Mittels eines urigen überdachten Holzstegs queren wir den Lützbach zum ersten Mal
Durch die enge Schlucht des Brovogelsbaches gelangen die Wanderer schließlich in das Lützbachtal. Dort treffen wir auf die schmucke Marienkapelle. Die Ruhebank am kleinen Kirchlein nutzen wir zu einer Wanderrast und wenden uns dann nach links in das Lützbachtal hinein. Über breite, mit zwei asphaltierten Fahrstreifen versehene Wiesenwege wandern wir durch die wiesenreiche und sonnenverwöhnte breite Talaue. Nach der von links einfallenden Einmündung der Traumschleife Josefsblick in das Lützbachtal gehen die naturbelassene Uferwege alsbald in schmale Pfade über. In diesem Teilabschnitt folgen wir den Wegezeichen der Traumschleife und des Lützbachweges in einem weiten Linksbogen und überschreiten wenig später den Lützbach mittels eines urigen überdachten Holzstegs zum ersten Mal.
Die bizarren, steil aufragen Schieferbastionen der Felsenarena begeistern jeden Wanderer
Der Lützbach ist ein rechtsseitiges Nebengewässer der Mosel, das bei Sabershausen auf einer Seehöhe von 300 Metern entspringt und nach zwölf Bachkilometern bei Treis-Karden einmündet.
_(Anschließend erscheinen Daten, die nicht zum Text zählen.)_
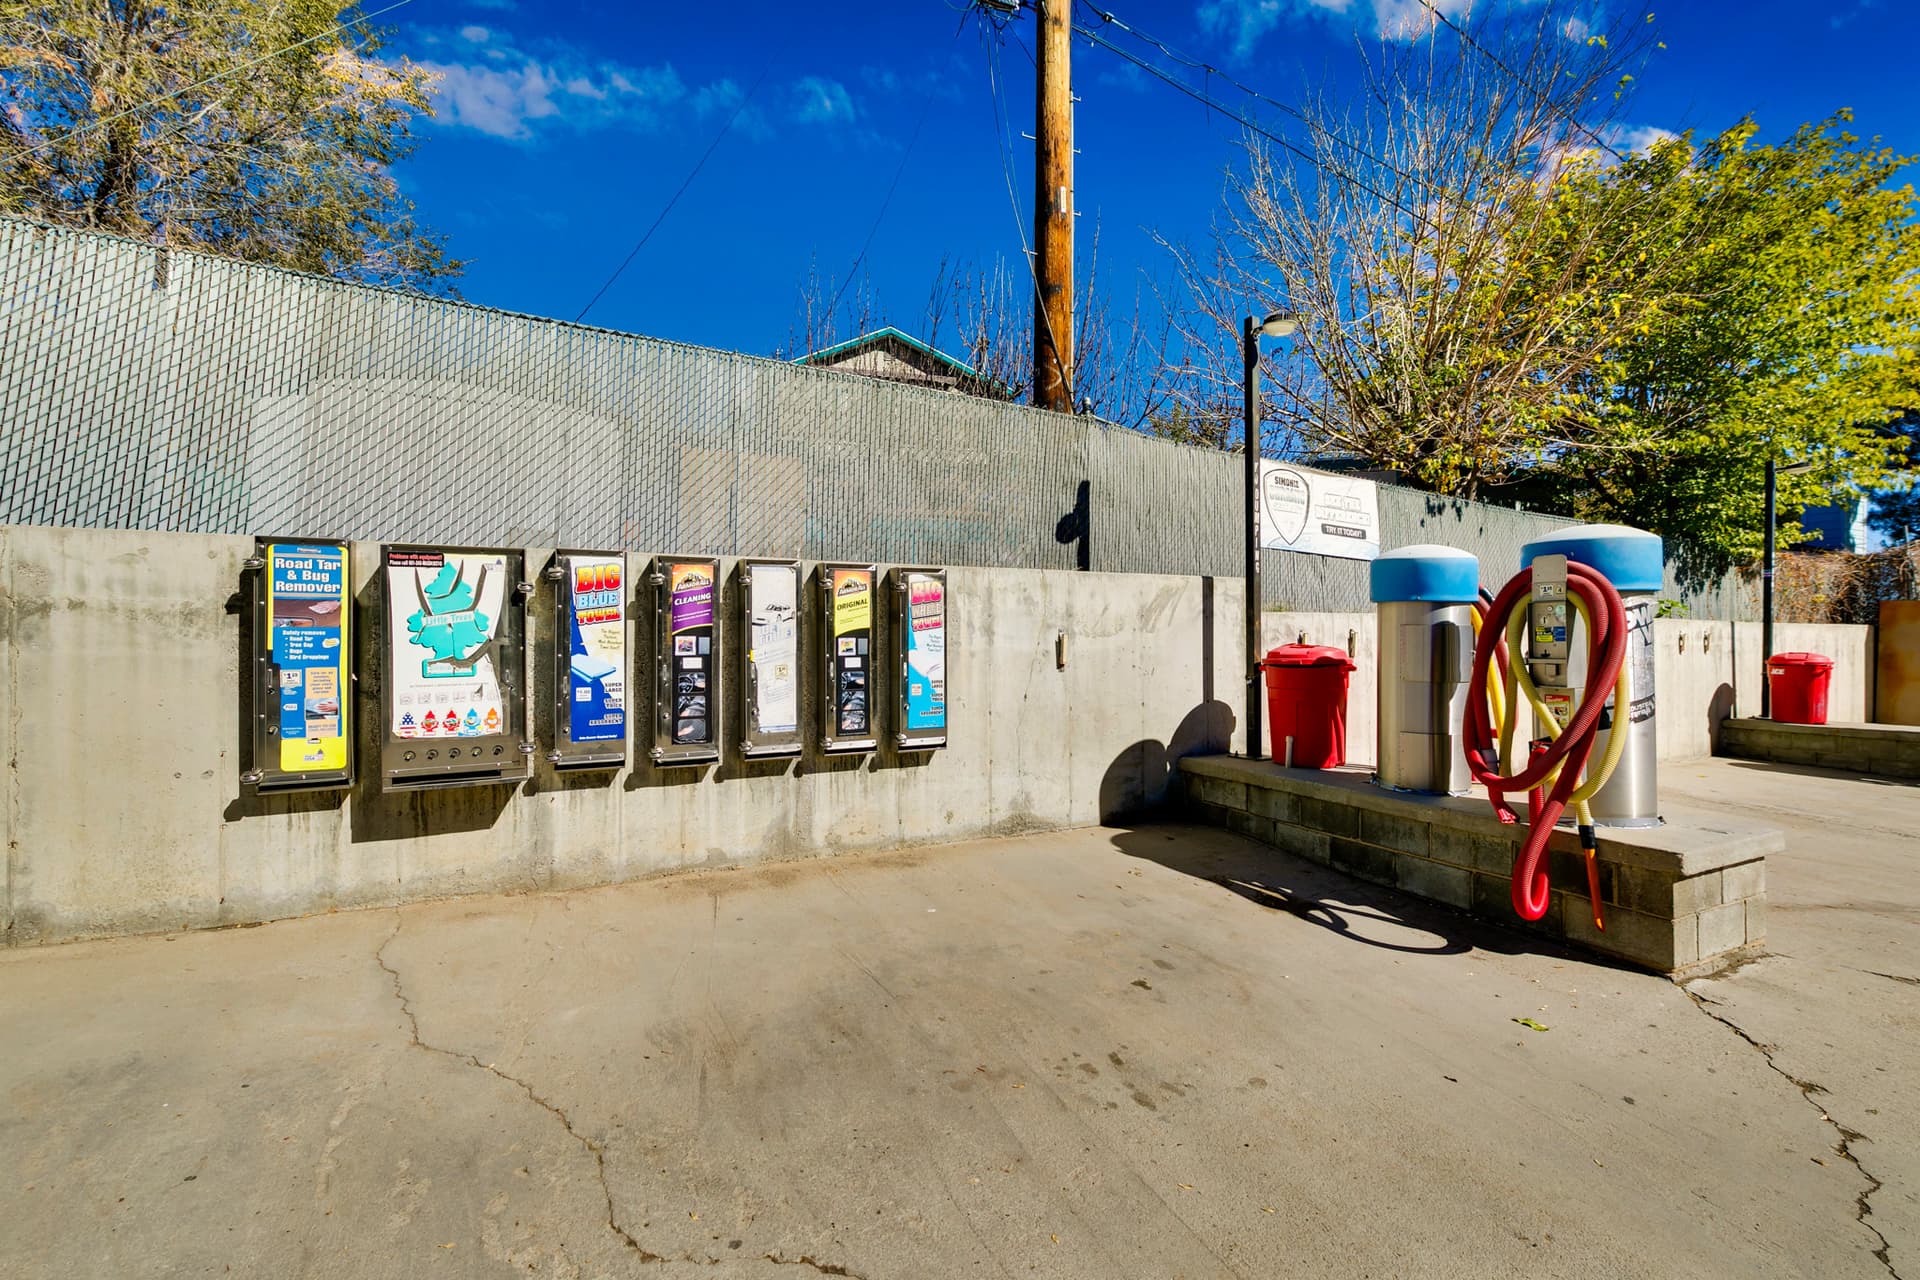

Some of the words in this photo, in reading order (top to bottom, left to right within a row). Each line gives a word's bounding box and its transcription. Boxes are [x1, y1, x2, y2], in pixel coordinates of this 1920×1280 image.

[274, 558, 313, 569] Road
[317, 559, 341, 570] Tar
[287, 570, 297, 580] &
[302, 570, 330, 583] Bug
[575, 563, 622, 593] BIG
[275, 581, 341, 593] Remover
[576, 592, 620, 610] BLUE
[674, 592, 712, 606] CLEANING
[836, 598, 868, 611] ORIGINAL
[577, 607, 622, 625] TOWEL
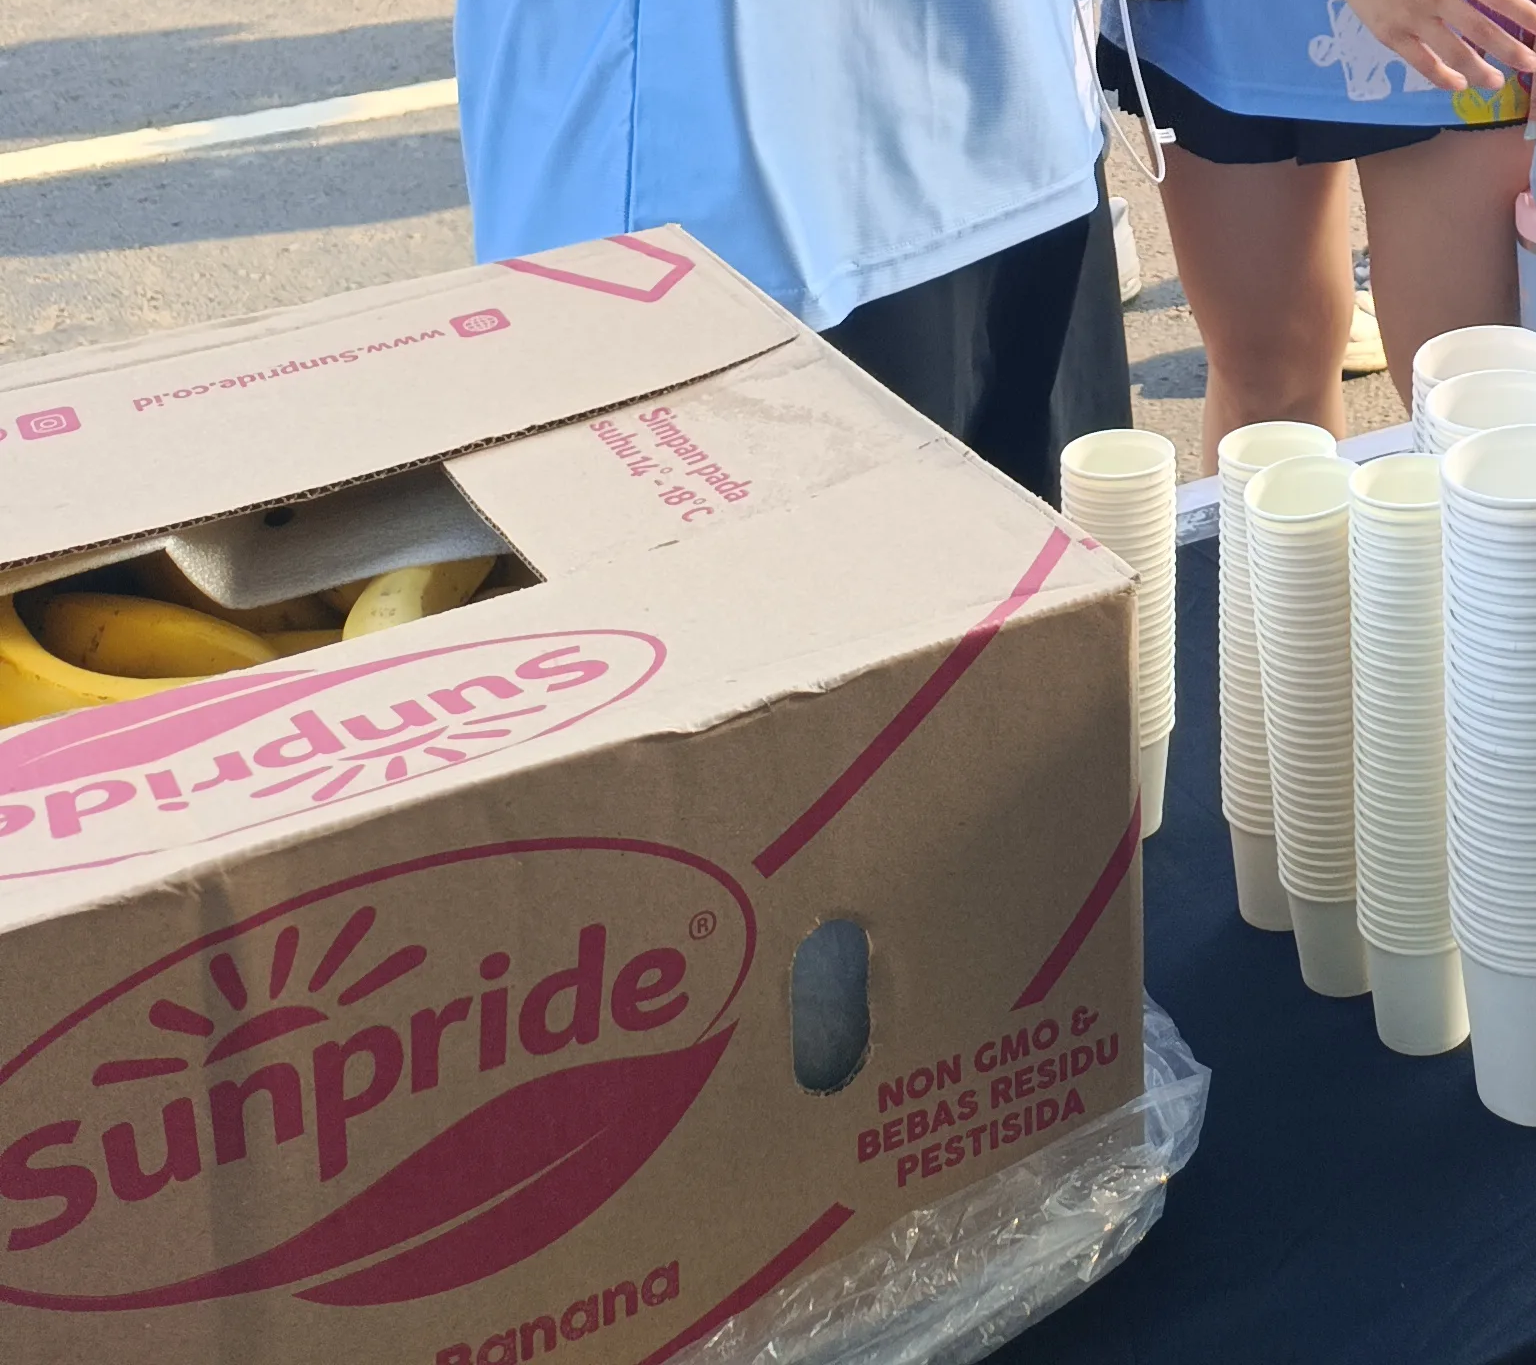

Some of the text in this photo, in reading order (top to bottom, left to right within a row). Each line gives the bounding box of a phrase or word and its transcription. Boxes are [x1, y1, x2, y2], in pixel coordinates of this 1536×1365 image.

[133, 327, 446, 412] www.Sunpride.co.id
[589, 420, 642, 459] suhu
[638, 406, 752, 503] Simpan pada
[0, 922, 690, 1251] Sunpride
[857, 1032, 1119, 1164] BEBAS RESIDU
[877, 1005, 1099, 1114] NON GMO &
[897, 1087, 1086, 1188] PESTISIDA
Das einsame Bachtal wies im Mittelalter eine ganze Reihe von Mühlen auf, die teilweise heute noch bewohnt sind. Im weiteren Verlauf queren die Wanderer das quirlige Gewässer erneut, diesmal über einen metallenen Steg. Hinter der Brücke geht es eng am Bach entlang. Kurz darauf wachsen links der Traumschleife bizarre Schieferformationen in den Himmel, die man als Felsenarena bezeichnet. Wild zerklüftet, mit Moosen und Flechten bewachsen, ragen die schroffen, mit unzähligen Klüften und Schründen versehenen Felswände empor und sorgen somit für den dramatischen Höhepunkt in der Lützbachtalrunde.